You can do all the negative cost-benefit studies you want on fixed links, with all your fancy spreadsheets full of reasons why such a project is impossible and will never work. But the dream will never die.
Fixed link bridge
A concept formulated in the 1980s would have seen Vancouver Island and other islands linked to the mainland by a floating-bridge/tunnel combination. Pat McGeer, who was a Social Credit cabinet minister at the time, still thinks the bridge should be built.

Les Leyne mugshot genericYou can do all the negative cost-benefit studies you want on fixed links, with all your fancy spreadsheets full of reasons why such a project is impossible and will never work.

But the dream will never die. Particularly in the mind of the man who helped originate the concept.

Dr. Pat McGeer, still working in his University of British Columbia lab at the age of 88, glanced this week at the story about the feasibility study that rejected the idea of a bridge to Gabriola Island.
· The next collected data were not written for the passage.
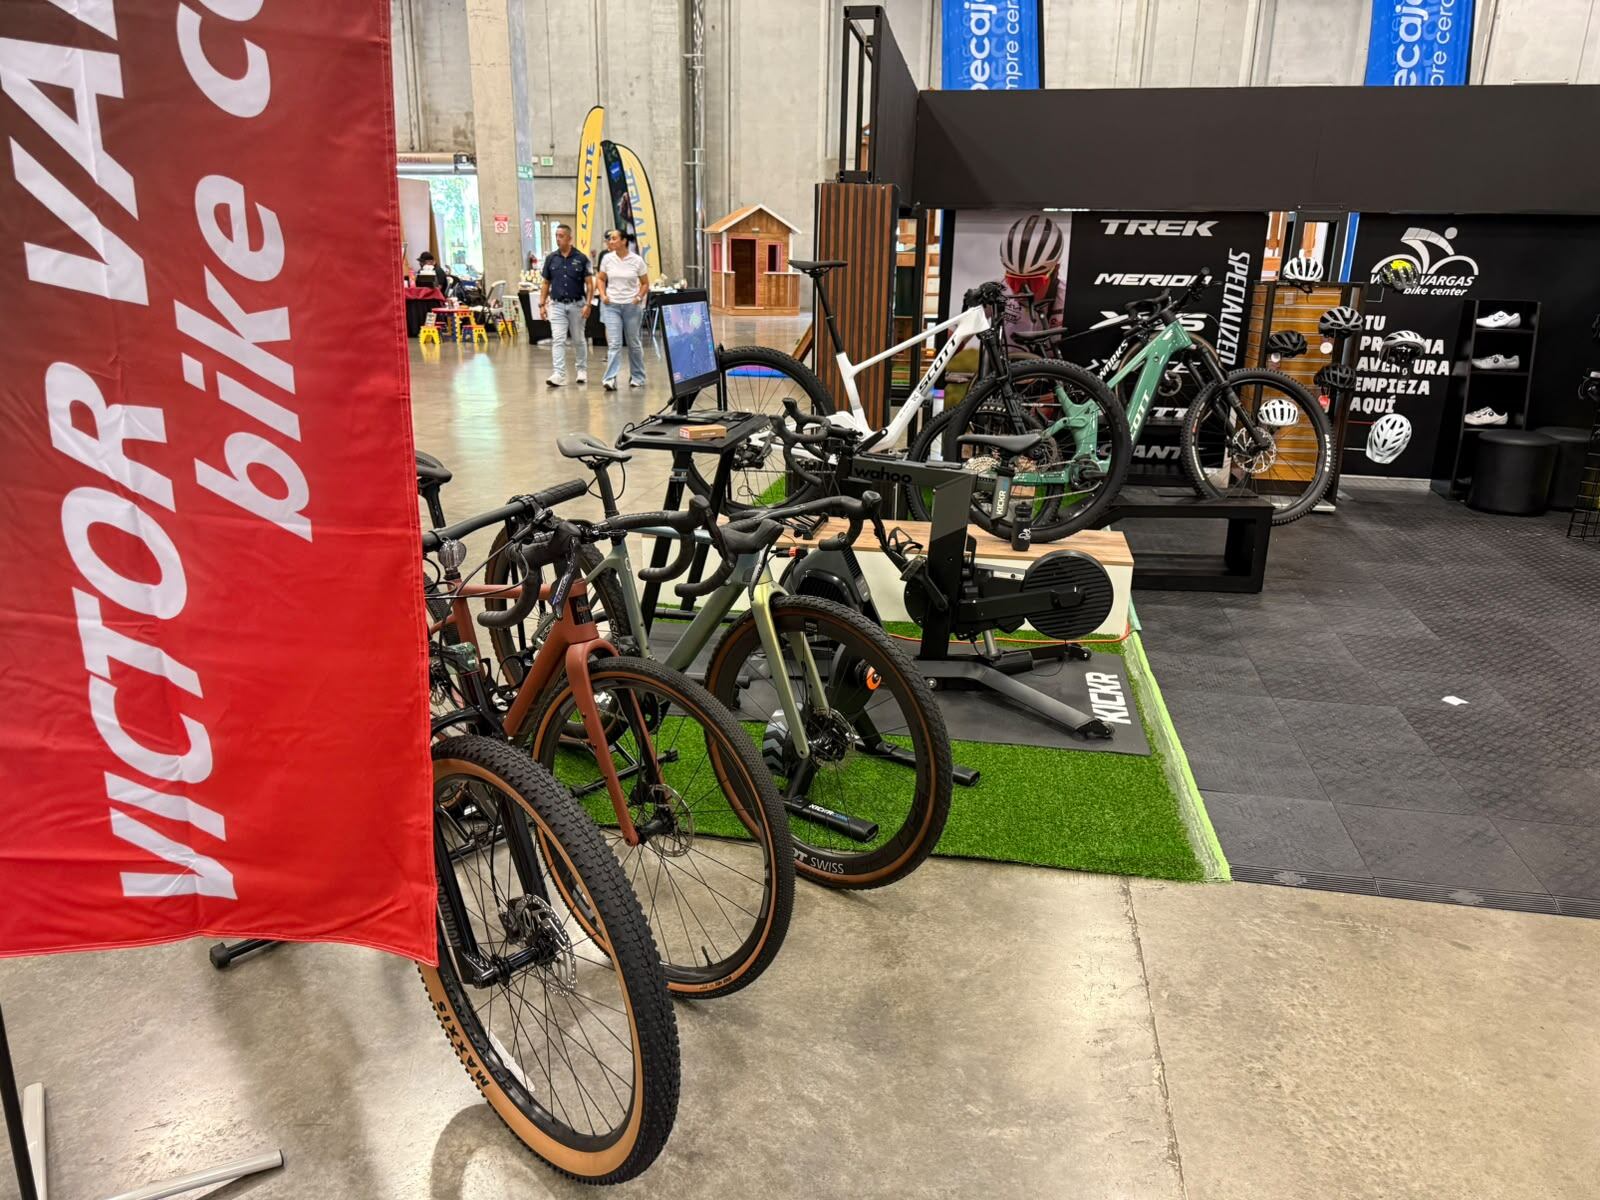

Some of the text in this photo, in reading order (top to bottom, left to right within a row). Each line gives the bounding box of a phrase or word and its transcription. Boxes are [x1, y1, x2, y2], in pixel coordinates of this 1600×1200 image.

[1100, 219, 1220, 237] TREK
[174, 0, 313, 543] bike c
[1420, 274, 1475, 286] VARGAS
[1430, 287, 1468, 296] center
[1216, 248, 1250, 366] SPECIALIZED
[1365, 314, 1386, 331] TU
[1356, 356, 1450, 376] AVENURA
[1355, 376, 1430, 395] EMPIEZA
[1350, 394, 1396, 414] AQUÍ
[854, 466, 912, 483] wahoo
[996, 490, 1007, 515] KICKR
[45, 361, 238, 899] VICTOR
[1085, 671, 1132, 725] KICKR
[810, 856, 845, 874] SWISS
[436, 1001, 490, 1087] MAXXIS
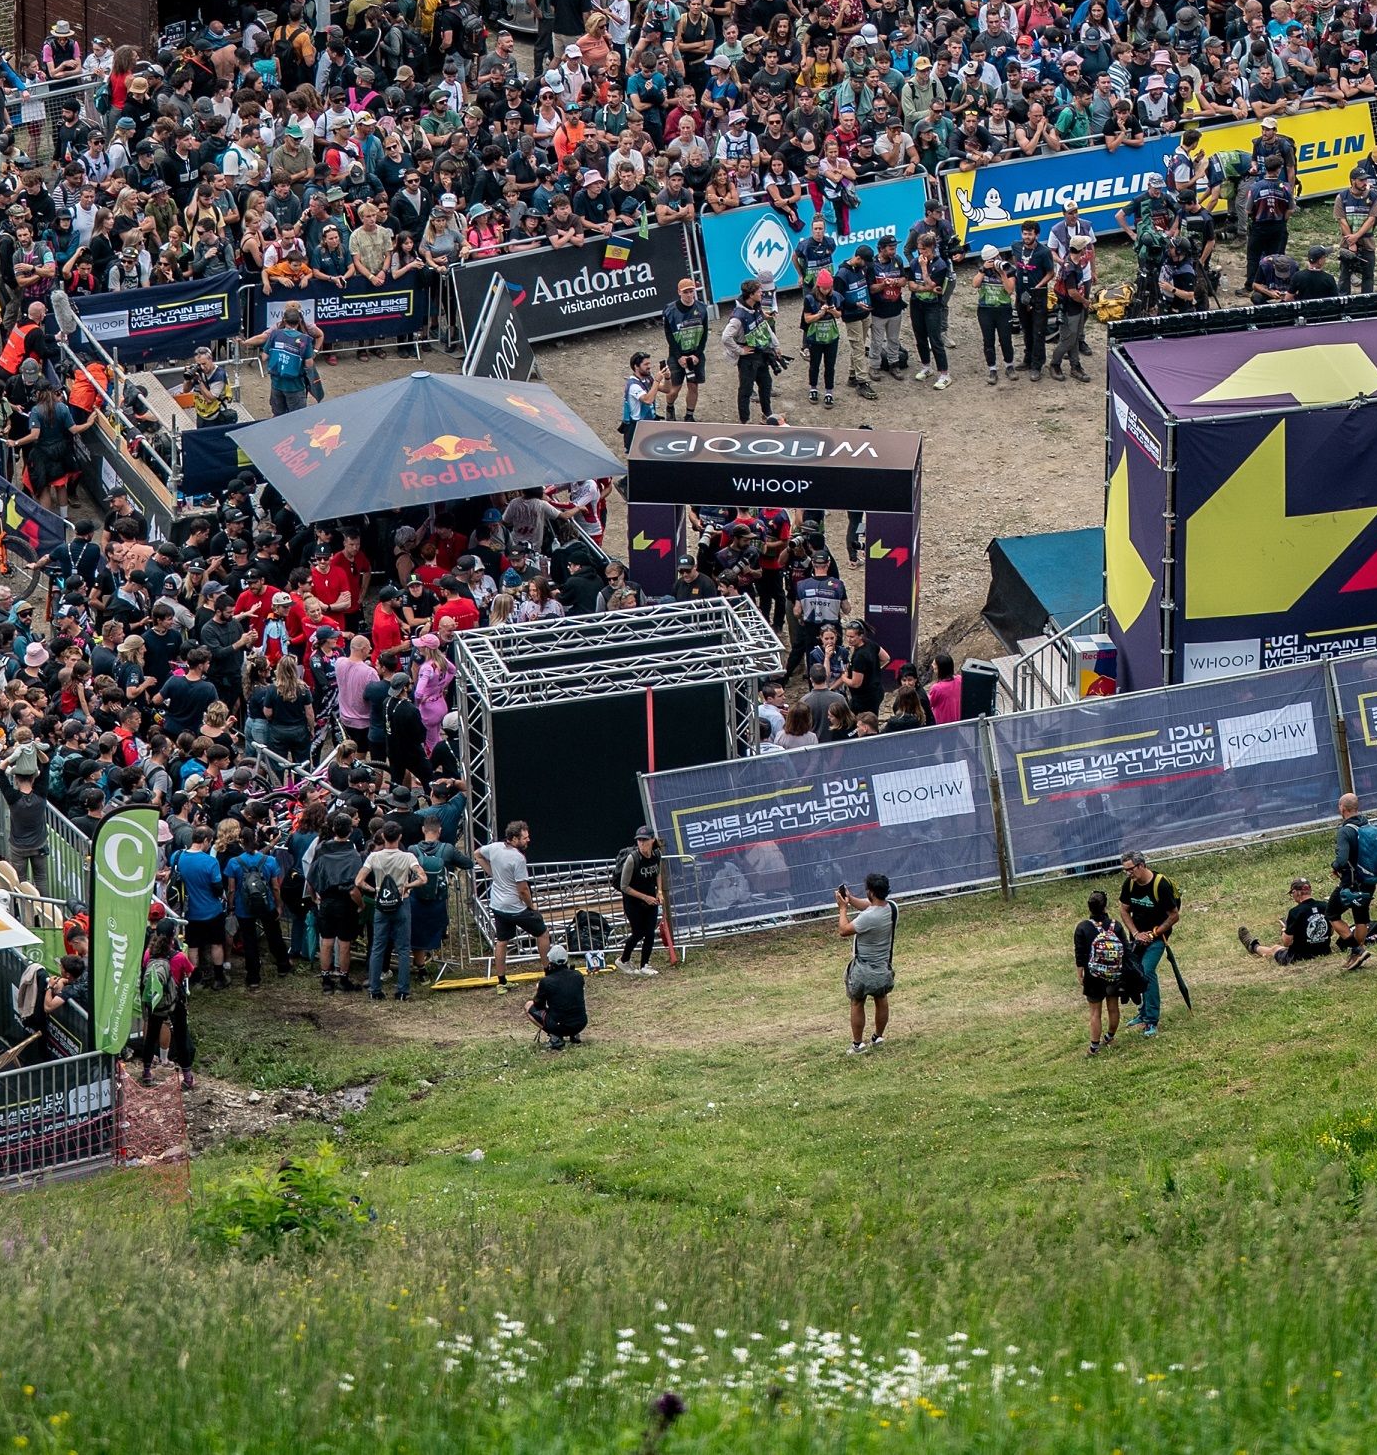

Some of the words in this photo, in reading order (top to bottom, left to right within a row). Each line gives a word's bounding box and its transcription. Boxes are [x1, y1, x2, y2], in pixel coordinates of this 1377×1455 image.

[530, 260, 656, 306] Andorra
[317, 300, 379, 313] MOUNTAIN
[380, 296, 408, 307] BIKE
[321, 297, 340, 305] UCI
[559, 286, 658, 315] visitandorra.com
[130, 307, 193, 322] MOUNTAIN
[195, 302, 223, 312] BIKE
[130, 315, 177, 328] WORLD
[178, 309, 223, 321] SERIES
[134, 306, 154, 315] UCI
[317, 307, 366, 319] WORLD
[367, 303, 408, 315] SERIES
[399, 464, 459, 491] Red
[459, 456, 516, 482] Bull
[732, 477, 812, 493] WHOOP
[1264, 638, 1360, 658] MOUNTAIN
[1271, 634, 1299, 646] UCI
[1189, 652, 1255, 670] WHOOP
“Complete nonsense,” he barked over the phone at me. “Narrow-minded, unimaginative thinking. You can quote me.”

McGeer was a Social Credit cabinet minister in the Bill Bennett government. He held the science and technology portfolio and although he had no direct responsibility for B.C. Ferries, he developed an interest in the system. He viewed it as a hugely expensive entity with major ongoing costs that only got more expensive with time. And the service at the time was occasionally threatened by labour strife, which prompted crises. As someone who despised conventional thinking, he found the problem intriguing.
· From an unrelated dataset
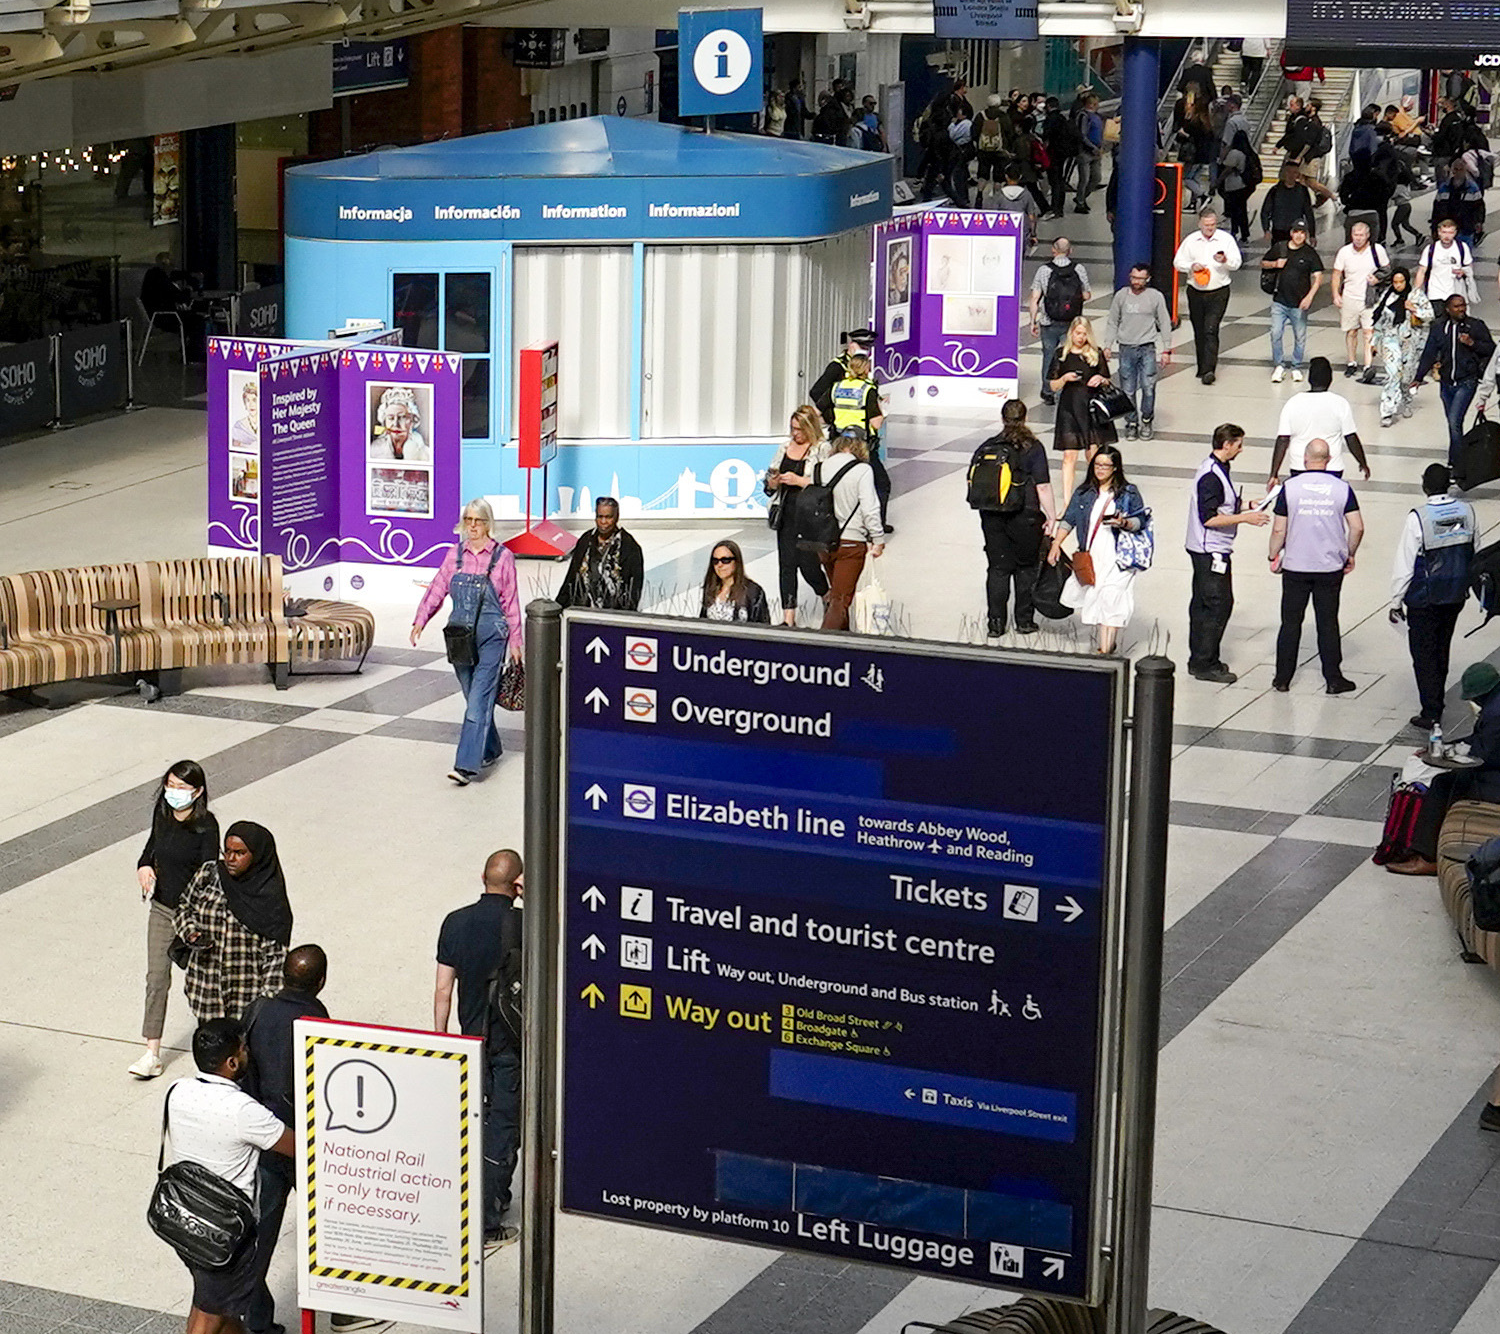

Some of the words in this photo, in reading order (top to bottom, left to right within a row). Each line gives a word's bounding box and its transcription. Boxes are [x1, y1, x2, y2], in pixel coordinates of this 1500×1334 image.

He told me this week he wangled about $10,000 out of his discretionary budget and put it up for offers to anyone who could come up with a better idea. There had been visions for years before that of a fixed link to Vancouver Island. The concept was the unicorn hunt for amateur engineers and wishful thinkers.

Several engineering firms with some time on their hands indulged in some blue-sky thinking and submitted plans. McGeer said the one that shone above the others was from Joe Willis of Willis Cunliffe Tait. It was a magnificent floating bridge-tunnel crossing from Iona Island to Gabriola Island, then a bridge skipping over to the Cedar area, south of Nanaimo.

It never got any further than a desktop model. But that’s a lot further than all the other concepts. McGeer said the highways minister wouldn’t let him release it. So he filed it in the legislature library, where it eventually surfaced. The model bounced around for years after that.

Someone finally decided to throw it out, but before they did they asked McGeer if he wanted it. He obtained it and kept it in his basement for years. A fixed link has been a periodic object of fascination for years, so McGeer would trot it out for TV crews doing occasional stories on ferries, or alternatives.

Twelve years ago, the government tried to put the idea to bed once and for all with a study that concluded the costs would be astronomical, the crossing would require an engineering miracle and the tolls required to pay for it prohibitive ($180 one way).

“The costs of a fixed-link construction project may not be affordable for the provincial government to undertake for many years to come. As technology advances, the ministry would be willing to look at any proposals the private sector brings forward,” it said.

Then last year Transportation Minister Todd Stone ordered a look at just a Gabriola-to-Cedar crossing. It was released this week and concluded the economics don’t work.

Which drew McGeer’s ire.

Gabriola is the perfect route, he said. “That’s where it’s going to be built,” he said.

What about the cost worries?

“Don’t think about dollars,” he said. “Think about relative costs.”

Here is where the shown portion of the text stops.